Suddenly, such headlines vanished. The reason was perhaps more poignant. Ashish has seldom made headlines ever since. Yes, he figured eminently in the pre-tournament build-ups, but not so much as the event unfolded. His returns have been meagre—an eighth place in Glasgow Games and 12th in Incheon seldom warrants headline space. But as much as gripping as the fairytale rise of a gymnast, or for that matter any athlete, from a rustic background is the often neglected story of his fall from grace. Unless you are a decorated athlete, the fall tends to be just a footnote. In Ashish’s case, it was not just about upgrading himself to a higher level, but also not being afforded with the platform for a further leap in his career graph. “See, I have been all alone for the last two years. The national team has no coach, and the coach we had before (Jim Holt), well he has been of little...” he stops abruptly. It could be use, utility, or maybe help. His game, he admits, has plateaued. Injuries didn’t help. He injured his right ankle in the Glasgow CWG qualifying round and aggravated it in Incheon. “Somehow, I got injured at the worst possible time. I was looking very sharp ahead of the CWG but then that injury ruined all my hopes,” he grouses.

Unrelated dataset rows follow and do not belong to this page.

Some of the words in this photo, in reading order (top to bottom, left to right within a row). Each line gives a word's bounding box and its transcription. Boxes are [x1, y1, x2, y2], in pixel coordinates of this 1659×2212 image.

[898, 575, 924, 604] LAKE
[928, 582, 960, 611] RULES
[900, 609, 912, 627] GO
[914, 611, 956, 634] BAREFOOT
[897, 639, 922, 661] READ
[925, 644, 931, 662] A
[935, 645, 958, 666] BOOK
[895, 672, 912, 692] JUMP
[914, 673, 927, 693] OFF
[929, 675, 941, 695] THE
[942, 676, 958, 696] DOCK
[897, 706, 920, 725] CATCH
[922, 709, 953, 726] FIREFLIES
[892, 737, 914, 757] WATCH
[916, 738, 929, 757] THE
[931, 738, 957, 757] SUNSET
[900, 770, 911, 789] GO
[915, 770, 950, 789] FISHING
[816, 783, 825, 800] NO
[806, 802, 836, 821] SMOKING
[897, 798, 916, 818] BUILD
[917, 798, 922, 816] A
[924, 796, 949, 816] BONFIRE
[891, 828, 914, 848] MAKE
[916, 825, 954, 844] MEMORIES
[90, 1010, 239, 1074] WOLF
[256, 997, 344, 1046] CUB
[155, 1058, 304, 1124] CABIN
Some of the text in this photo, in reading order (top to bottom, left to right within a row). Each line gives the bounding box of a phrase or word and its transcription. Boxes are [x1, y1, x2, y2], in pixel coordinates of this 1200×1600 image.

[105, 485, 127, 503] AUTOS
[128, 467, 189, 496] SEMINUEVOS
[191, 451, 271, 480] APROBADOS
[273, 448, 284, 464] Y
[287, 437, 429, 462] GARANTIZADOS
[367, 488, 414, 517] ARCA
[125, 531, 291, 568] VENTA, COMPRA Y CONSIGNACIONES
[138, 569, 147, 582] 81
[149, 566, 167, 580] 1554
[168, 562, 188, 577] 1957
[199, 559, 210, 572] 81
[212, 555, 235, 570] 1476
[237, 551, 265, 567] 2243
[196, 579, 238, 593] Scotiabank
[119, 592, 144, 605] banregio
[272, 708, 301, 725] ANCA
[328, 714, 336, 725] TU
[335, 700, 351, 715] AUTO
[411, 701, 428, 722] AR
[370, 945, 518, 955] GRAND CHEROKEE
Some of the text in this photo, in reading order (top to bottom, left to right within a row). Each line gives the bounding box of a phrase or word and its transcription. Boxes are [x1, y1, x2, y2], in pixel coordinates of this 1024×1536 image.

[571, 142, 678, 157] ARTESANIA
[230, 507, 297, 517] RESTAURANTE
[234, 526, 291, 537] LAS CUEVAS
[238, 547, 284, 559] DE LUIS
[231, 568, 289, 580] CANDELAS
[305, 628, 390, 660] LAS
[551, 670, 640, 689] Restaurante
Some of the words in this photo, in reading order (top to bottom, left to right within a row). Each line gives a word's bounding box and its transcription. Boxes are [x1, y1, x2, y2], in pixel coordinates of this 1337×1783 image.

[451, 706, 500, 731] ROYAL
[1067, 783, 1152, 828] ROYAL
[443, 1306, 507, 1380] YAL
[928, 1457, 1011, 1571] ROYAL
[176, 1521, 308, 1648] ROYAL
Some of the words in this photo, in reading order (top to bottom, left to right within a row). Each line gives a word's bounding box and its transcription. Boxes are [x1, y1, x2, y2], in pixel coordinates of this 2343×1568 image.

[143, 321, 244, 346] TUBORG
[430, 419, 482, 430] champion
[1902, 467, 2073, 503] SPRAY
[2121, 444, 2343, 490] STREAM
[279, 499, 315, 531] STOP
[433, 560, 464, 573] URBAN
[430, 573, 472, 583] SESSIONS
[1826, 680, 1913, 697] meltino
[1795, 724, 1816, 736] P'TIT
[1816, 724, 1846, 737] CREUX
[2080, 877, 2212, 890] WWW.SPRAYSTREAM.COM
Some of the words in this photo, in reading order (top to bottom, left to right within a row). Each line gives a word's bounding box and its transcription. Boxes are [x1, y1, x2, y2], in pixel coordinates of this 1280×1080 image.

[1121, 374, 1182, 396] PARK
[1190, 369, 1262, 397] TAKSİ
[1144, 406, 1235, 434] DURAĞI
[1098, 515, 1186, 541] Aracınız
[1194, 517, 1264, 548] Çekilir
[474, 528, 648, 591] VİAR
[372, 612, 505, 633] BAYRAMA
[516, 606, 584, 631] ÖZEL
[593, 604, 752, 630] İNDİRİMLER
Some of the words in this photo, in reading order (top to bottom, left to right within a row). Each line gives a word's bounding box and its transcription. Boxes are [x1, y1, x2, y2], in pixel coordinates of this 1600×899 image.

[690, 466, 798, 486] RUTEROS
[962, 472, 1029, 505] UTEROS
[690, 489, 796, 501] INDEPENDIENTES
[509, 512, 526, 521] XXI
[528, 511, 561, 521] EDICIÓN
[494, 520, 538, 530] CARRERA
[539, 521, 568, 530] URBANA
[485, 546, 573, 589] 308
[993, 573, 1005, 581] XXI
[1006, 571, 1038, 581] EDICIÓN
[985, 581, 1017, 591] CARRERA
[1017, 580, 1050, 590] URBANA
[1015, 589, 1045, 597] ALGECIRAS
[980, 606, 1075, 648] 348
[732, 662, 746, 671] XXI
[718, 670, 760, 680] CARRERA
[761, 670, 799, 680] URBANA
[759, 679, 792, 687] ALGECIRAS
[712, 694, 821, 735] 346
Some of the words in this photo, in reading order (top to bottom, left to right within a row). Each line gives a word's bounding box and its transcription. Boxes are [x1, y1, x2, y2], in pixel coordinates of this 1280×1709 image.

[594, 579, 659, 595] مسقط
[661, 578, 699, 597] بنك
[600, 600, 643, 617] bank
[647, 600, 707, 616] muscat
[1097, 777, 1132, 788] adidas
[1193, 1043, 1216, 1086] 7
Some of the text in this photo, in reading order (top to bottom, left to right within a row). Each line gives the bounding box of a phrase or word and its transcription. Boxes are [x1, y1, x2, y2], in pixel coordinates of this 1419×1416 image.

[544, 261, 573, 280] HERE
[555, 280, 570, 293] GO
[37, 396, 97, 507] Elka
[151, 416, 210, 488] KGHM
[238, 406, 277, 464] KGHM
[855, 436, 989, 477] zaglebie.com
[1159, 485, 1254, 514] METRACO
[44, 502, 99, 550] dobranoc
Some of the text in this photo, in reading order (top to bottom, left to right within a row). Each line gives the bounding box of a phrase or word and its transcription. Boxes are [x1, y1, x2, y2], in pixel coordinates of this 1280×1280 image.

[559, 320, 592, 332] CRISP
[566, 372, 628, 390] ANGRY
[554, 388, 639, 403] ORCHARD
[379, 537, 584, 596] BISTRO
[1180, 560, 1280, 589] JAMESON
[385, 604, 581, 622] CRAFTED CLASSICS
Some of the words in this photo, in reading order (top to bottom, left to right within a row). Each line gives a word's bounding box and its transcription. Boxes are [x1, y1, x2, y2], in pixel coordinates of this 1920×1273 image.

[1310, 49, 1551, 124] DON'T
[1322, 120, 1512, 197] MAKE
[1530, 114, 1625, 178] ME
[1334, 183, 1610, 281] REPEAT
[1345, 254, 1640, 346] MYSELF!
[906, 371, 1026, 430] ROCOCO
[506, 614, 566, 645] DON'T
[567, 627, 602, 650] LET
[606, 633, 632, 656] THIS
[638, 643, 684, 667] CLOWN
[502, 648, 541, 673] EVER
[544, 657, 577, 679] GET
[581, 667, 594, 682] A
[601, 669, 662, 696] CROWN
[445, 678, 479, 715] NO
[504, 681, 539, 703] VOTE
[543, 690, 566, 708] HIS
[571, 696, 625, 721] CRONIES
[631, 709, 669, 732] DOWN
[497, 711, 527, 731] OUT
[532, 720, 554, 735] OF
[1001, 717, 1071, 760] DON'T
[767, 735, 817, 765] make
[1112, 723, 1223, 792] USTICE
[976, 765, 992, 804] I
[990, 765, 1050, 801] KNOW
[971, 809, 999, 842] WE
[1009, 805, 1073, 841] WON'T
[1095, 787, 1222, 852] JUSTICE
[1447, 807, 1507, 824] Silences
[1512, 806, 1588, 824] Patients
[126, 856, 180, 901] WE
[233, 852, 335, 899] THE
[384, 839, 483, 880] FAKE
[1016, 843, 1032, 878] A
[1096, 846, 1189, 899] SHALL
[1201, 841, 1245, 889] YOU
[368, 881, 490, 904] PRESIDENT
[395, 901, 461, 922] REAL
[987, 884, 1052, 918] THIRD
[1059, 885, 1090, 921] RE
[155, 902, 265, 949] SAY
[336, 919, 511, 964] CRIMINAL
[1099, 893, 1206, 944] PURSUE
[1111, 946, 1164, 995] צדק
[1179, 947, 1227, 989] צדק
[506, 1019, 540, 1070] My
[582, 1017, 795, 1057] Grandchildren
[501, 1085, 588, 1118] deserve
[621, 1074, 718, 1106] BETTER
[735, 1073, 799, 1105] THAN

But it’s not just about injuries, he emphasises. “Injuries are part and parcel of the game. I’m ready to accept it. But more that I’m dismayed at the lack of opportunities. There have been very few tournaments and hardly any exposure trips. In October, I will be participating in the World Championship in Glasgow. And to prepare for that I have just this National Games,” he asks.
The feuds within the Gymnastics Federation of India, hasn’t helped. To compound his woes, the Sports Ministry de-recognised the GFI in 2012. “The nationals were held in the subsequent years. But the medals didn’t count. Those there was no prize-money an recognition. Gymnastics is an expensive sport and on many occasions I had to spend from my own purse,” he says.
Despite these hurdles, the 24-year-old gymnast from Allahabad hopes to qualify for the Rio Games. “Rio is far away but I’ll keep trying. That’s all I can do. I have never thought of quitting. I am a very religious guy and hopefully something will work out soon.” he wishes. And some playful headline maker would be lurking behind the PC screen, to pounce onto another pun.